THE DATA
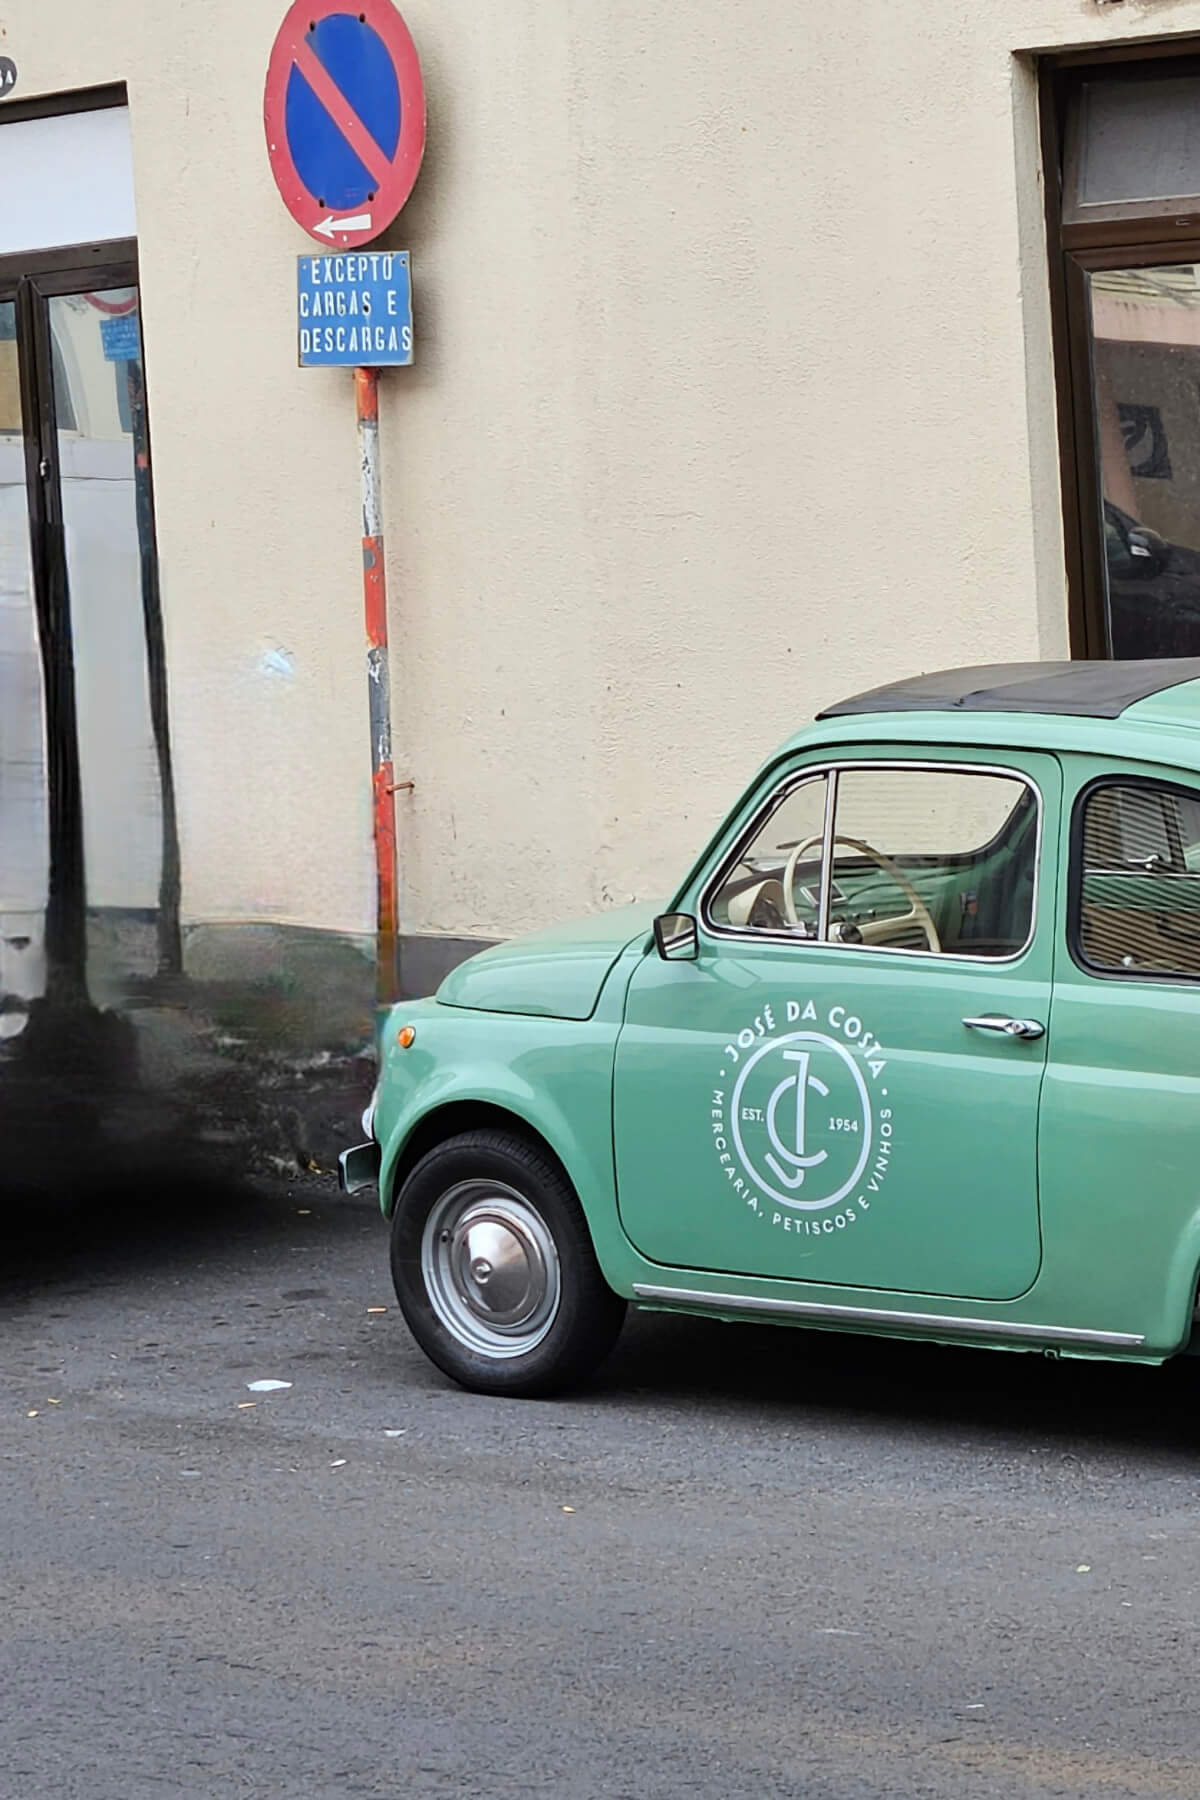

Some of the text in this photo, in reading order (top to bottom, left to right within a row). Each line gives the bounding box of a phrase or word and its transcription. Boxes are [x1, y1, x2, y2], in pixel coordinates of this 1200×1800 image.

[312, 256, 392, 284] EXCEPTO
[300, 290, 397, 317] CARGAS E
[301, 326, 411, 353] DESCARGAS
[725, 1000, 887, 1079] JOSÉ DA COSTA
[742, 1107, 765, 1122] EST.
[828, 1117, 858, 1132] 1954
[711, 1090, 892, 1235] MERCEARIA, PETISCOS E VINHOS

TASK OBJECTIVE
Exactly as they appear above, write out all the entries, without pictures.

OUTPUT OF THE TASK
Some of the text in this photo, in reading order (top to bottom, left to right within a row). Each line gives the bounding box of a phrase or word and its transcription. Boxes are [x1, y1, x2, y2], in pixel coordinates of this 1200×1800 image.

[312, 256, 392, 284] EXCEPTO
[300, 290, 397, 317] CARGAS E
[301, 326, 411, 353] DESCARGAS
[725, 1000, 887, 1079] JOSÉ DA COSTA
[742, 1107, 765, 1122] EST.
[828, 1117, 858, 1132] 1954
[711, 1090, 892, 1235] MERCEARIA, PETISCOS E VINHOS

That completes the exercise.